Several lawyers with FIRREA experience agree that banks, small and large, should prepare for additional exposure. "There will be a proliferation of civil settlements and potential lawsuits under FIRREA to come," said Allyson Baker, partner at Venable LLP, in Washington. "The DOJ has demonstrated its willingness to use FIRREA to investigate financial institutions. We could see the Department of Justice broadening its use of FIRREA in the months and years to come."
John Richter, partner at King & Spalding LLP in Washington, said he also believes FIRREA-based civil cases will certainly continue in the year ahead.
"There has been a lot of criticism that the Department failed to hold the financial industry sufficiently accountable for the subprime crisis, Richter said. "Whether that criticism is fair or not, there is still the idea out there that 'somebody ought to hang' for the mortgage crisis."
FIRREA was enacted in 1989 as a response to the savings and loan crisis. The law dramatically reshaped financial regulation in the company, but its use as a tool to recover civil damages is a relatively recent development. Under Section 951 of the act, the Justice Department can seek civil penalties against persons who violate any of 14 criminal statutes, or predicates.
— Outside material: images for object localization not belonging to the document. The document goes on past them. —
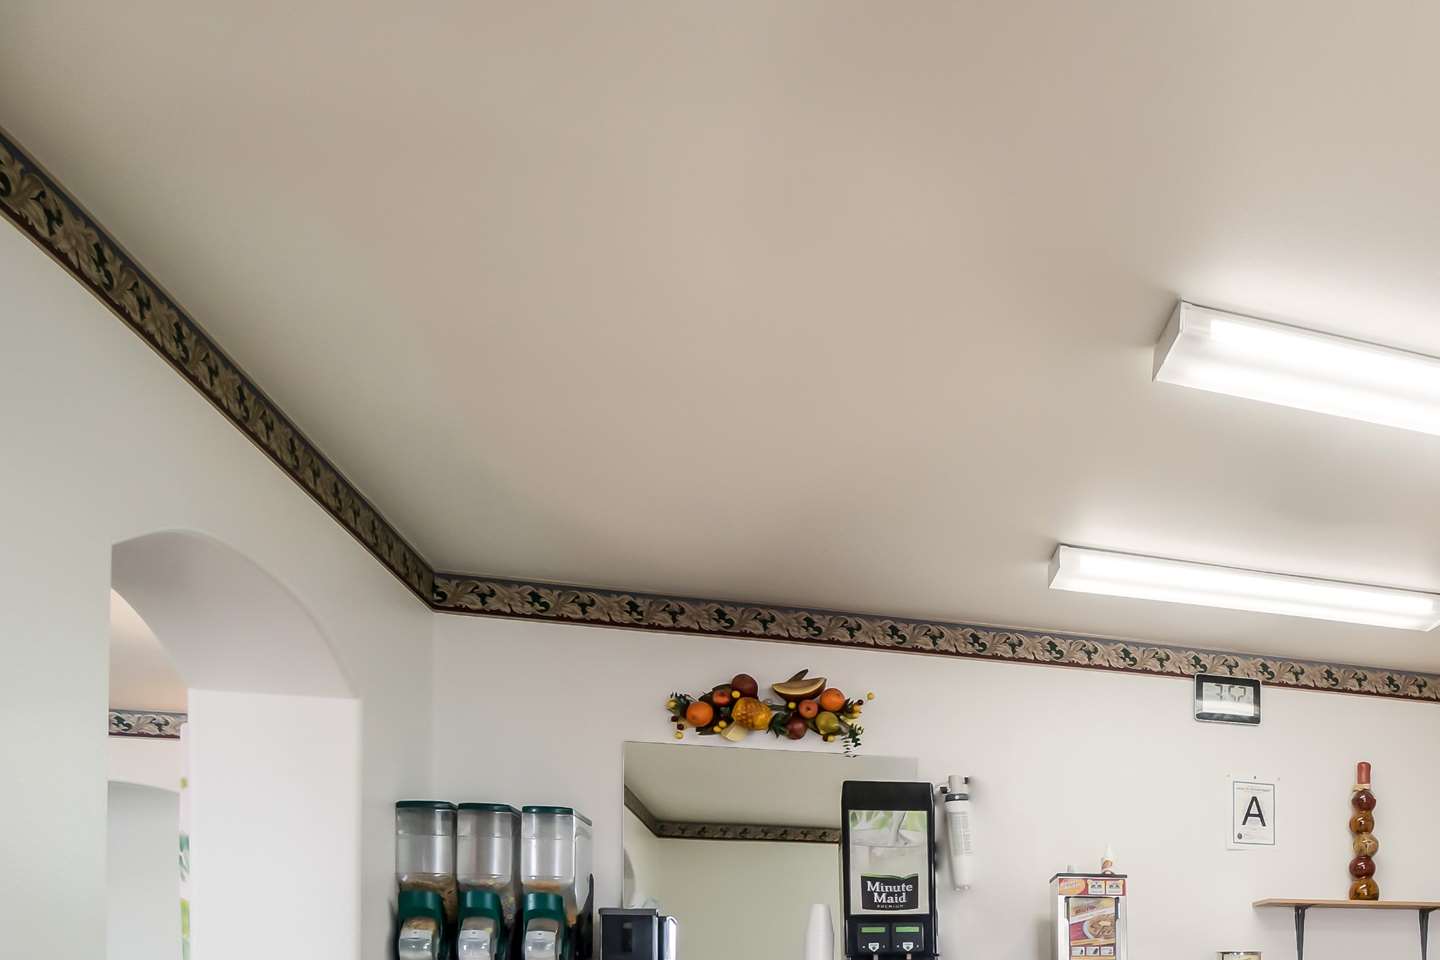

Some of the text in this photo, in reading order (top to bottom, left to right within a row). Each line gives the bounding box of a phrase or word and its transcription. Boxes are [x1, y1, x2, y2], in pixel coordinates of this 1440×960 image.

[1241, 796, 1266, 827] A
[866, 880, 913, 892] Minute
[873, 892, 907, 903] Maid
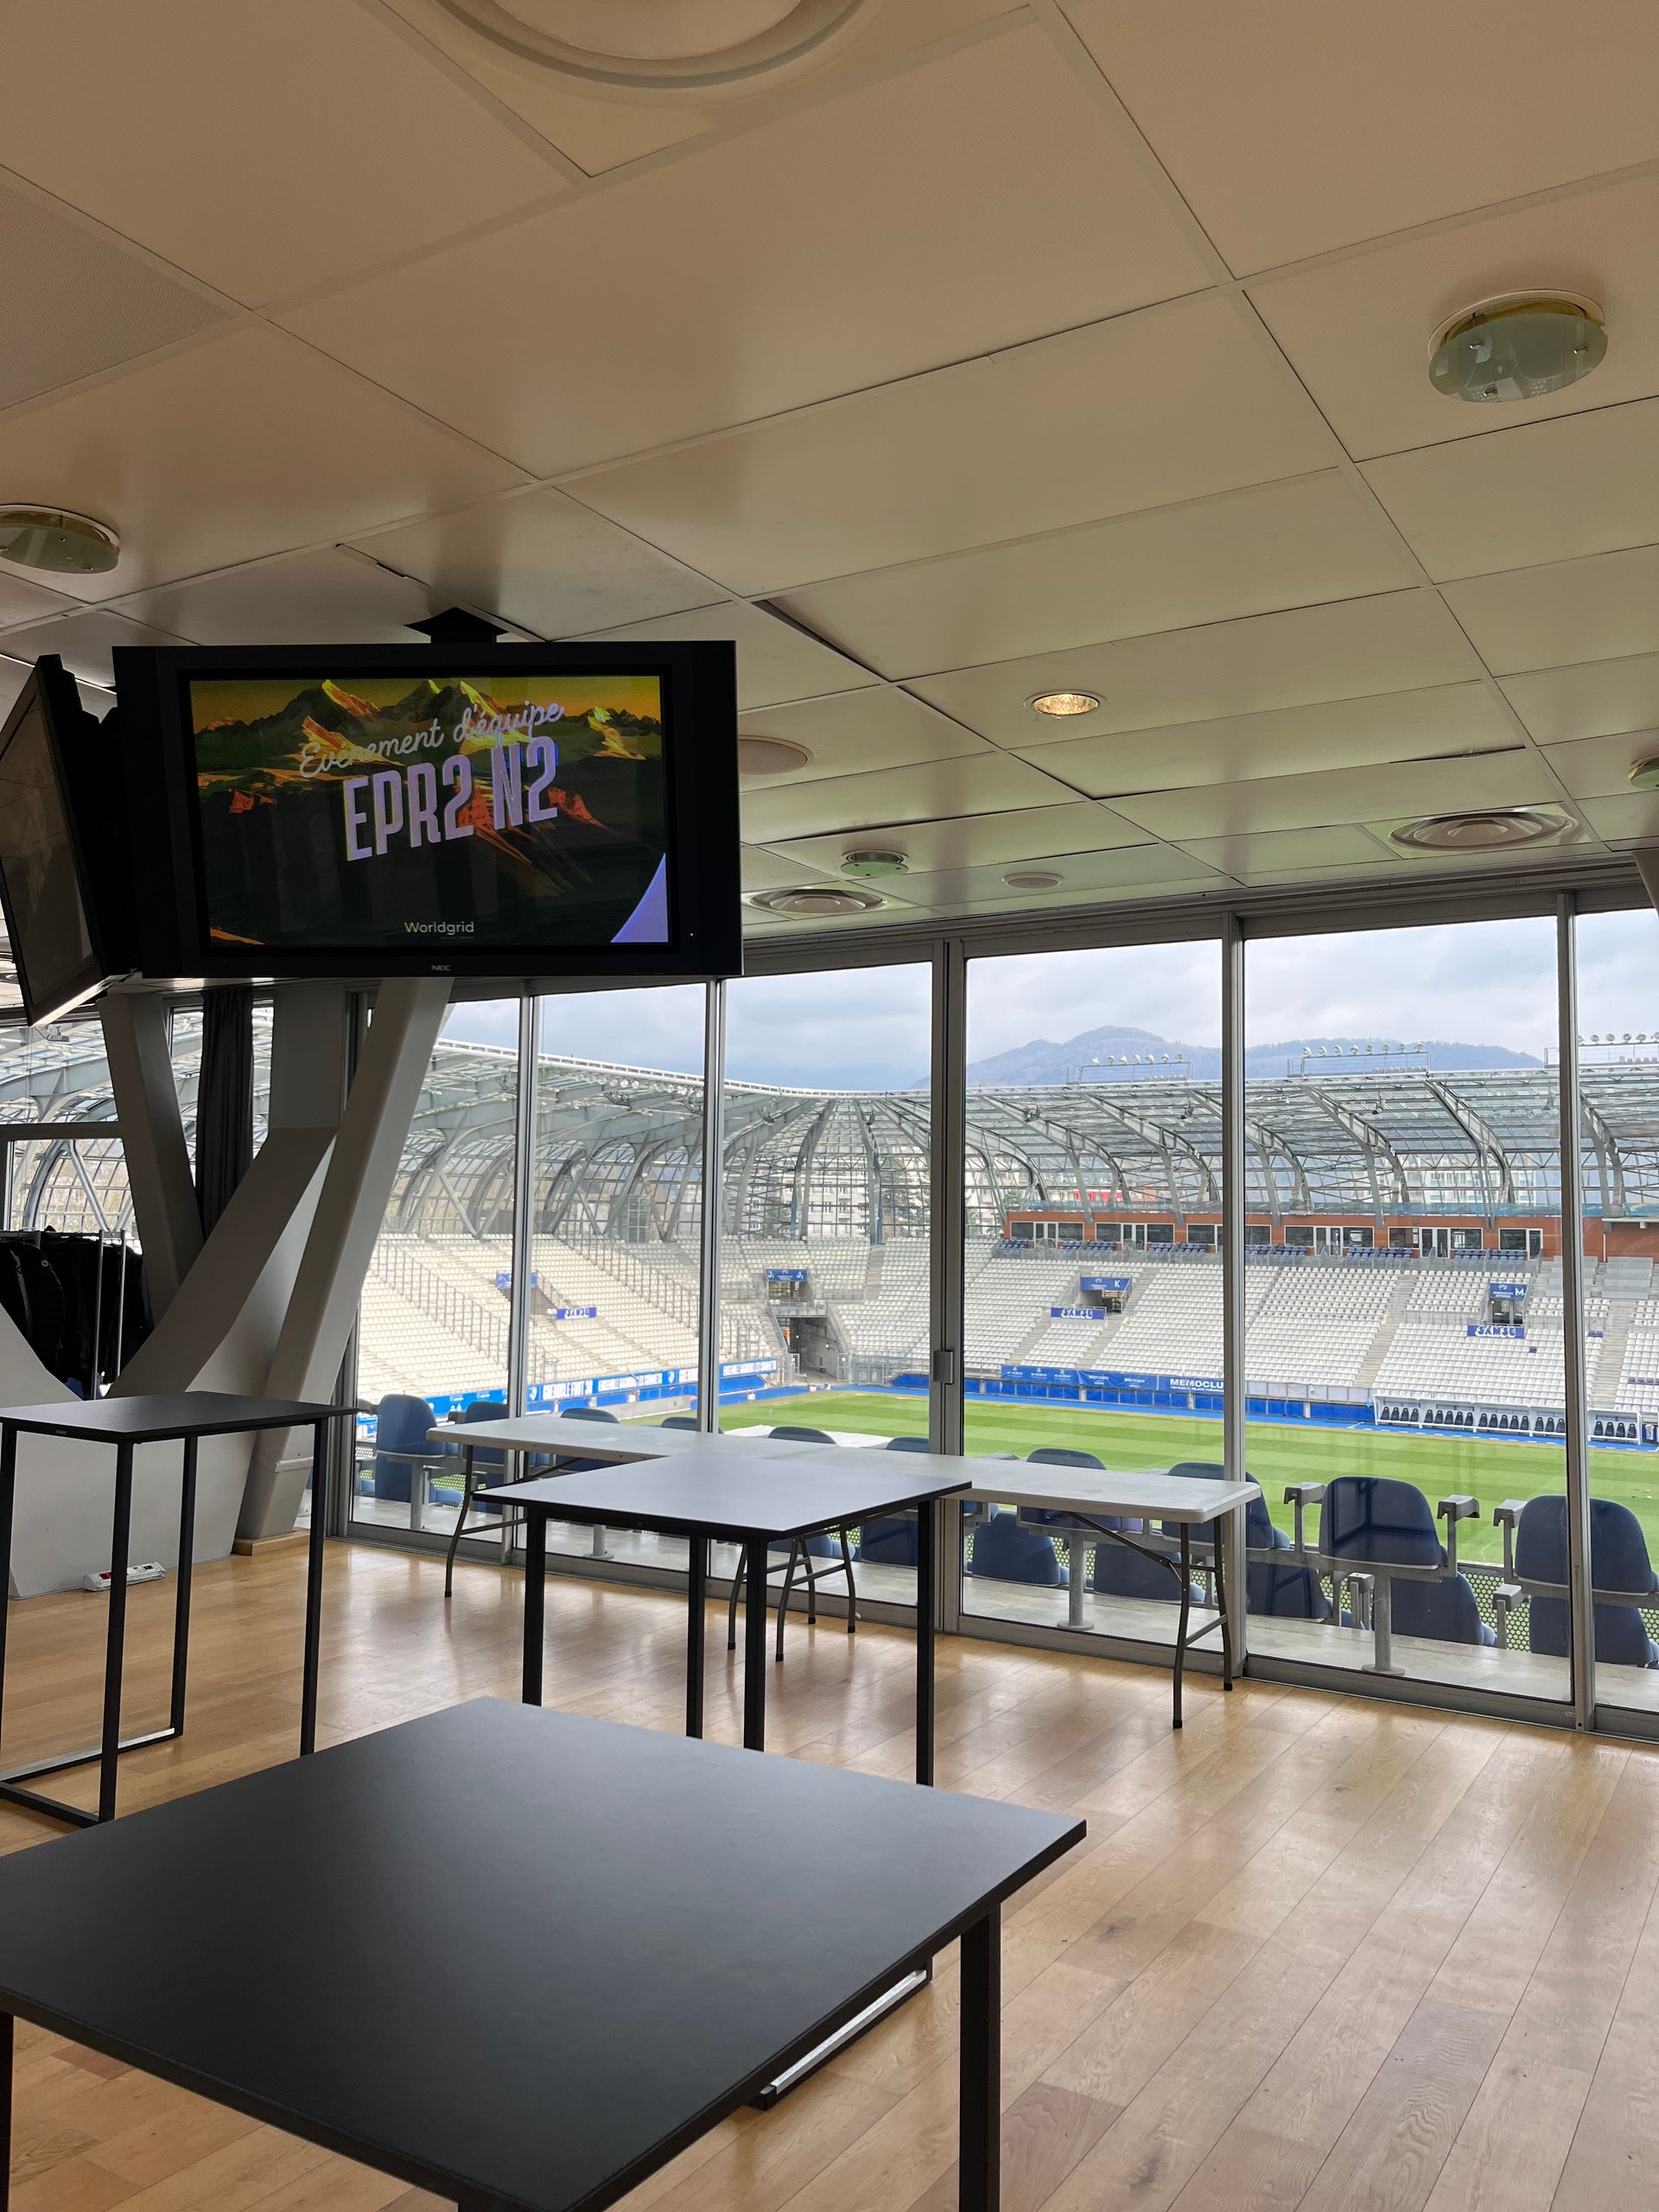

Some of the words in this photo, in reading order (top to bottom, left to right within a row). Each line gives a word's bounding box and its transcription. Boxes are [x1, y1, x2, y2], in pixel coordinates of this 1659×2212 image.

[343, 754, 474, 861] EPR2
[491, 736, 559, 830] N2
[404, 921, 474, 935] Worldgrid
[1061, 1308, 1093, 1319] SAMSE
[1475, 1325, 1516, 1338] SAMSE
The predicate offenses include such acts as mail fraud, wire fraud, bribery, making false entries, making false statement to the Federal Deposit Insurance Corporation and/or a bank agency, making false claims, concealing assets from the FDIC, and making false statements to small business administration.
As long as pressure to get tough on banks remains, the DOJ and state attorneys general will continue to aggressively use FIRREA, Richter said. The law is an attractive tool for the government for a couple of reasons. First, courts have interpreted its language broadly — particularly the law's application to fraud "affecting" financial institutions. The rulings allow the government to pursue damages in a wide variety of circumstances — that is, whether the banks are victims, perpetrators or innocent bystanders. Second, FIRREA allows the government to rely on a lower civil burden of proof for the predicate offenses.
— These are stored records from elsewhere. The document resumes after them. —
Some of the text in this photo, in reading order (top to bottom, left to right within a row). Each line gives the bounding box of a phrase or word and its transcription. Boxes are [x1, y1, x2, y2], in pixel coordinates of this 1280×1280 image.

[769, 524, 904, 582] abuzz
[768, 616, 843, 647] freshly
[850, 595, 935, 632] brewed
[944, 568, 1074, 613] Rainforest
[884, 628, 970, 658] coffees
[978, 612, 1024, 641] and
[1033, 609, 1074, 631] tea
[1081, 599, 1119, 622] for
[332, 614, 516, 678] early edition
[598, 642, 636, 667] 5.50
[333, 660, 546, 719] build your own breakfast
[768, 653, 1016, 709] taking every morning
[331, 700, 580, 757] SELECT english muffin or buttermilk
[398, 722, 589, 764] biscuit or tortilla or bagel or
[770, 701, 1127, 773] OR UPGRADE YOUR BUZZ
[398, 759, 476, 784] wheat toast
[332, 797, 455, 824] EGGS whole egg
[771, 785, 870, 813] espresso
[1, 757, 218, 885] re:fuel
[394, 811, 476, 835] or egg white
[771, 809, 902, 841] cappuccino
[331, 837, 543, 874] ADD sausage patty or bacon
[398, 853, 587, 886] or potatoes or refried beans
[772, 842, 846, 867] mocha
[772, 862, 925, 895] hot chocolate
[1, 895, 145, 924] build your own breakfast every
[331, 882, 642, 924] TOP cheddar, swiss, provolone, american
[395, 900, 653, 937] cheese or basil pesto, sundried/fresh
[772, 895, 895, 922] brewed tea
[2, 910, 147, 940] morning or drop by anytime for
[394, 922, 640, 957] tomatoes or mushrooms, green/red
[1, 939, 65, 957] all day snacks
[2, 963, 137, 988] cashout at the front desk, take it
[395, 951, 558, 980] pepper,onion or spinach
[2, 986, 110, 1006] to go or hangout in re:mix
Given the courts' rulings, legal experts said that financial institutions should look to Congress for relief. In the most recent Congress, Rep. Blaine Luetkemeyer, R-Mo., introduced legislation that would have curtailed FIRREA actions by tightening the "affecting" language. Luetkemeyer could not be reached for comment.
No matter what happens in Washington, industry observers expect significant changes in the composition of big financial institutions. "Mark my words, big banks are heading toward another repeated crisis if they don't consider corporate change," said Ryan Mendy, COO at the Edge Consulting Group in London. "A new legacy multibillion-dollar fine is being presented by regulators every other week nowadays, affecting wider market confidence and truly harming investor wealth." Mendy suggested that keeping too many businesses under one roof creates too many management issues every day.
FIRREA suits could play into that dynamic, but one investment banker following the activity said it's difficult to determine exactly how the law would affect transactions within the financial services industry. "It's too premature to say, if amended or not amended, how it may motivate banks to separate from its mortgage units at this time," the banker said.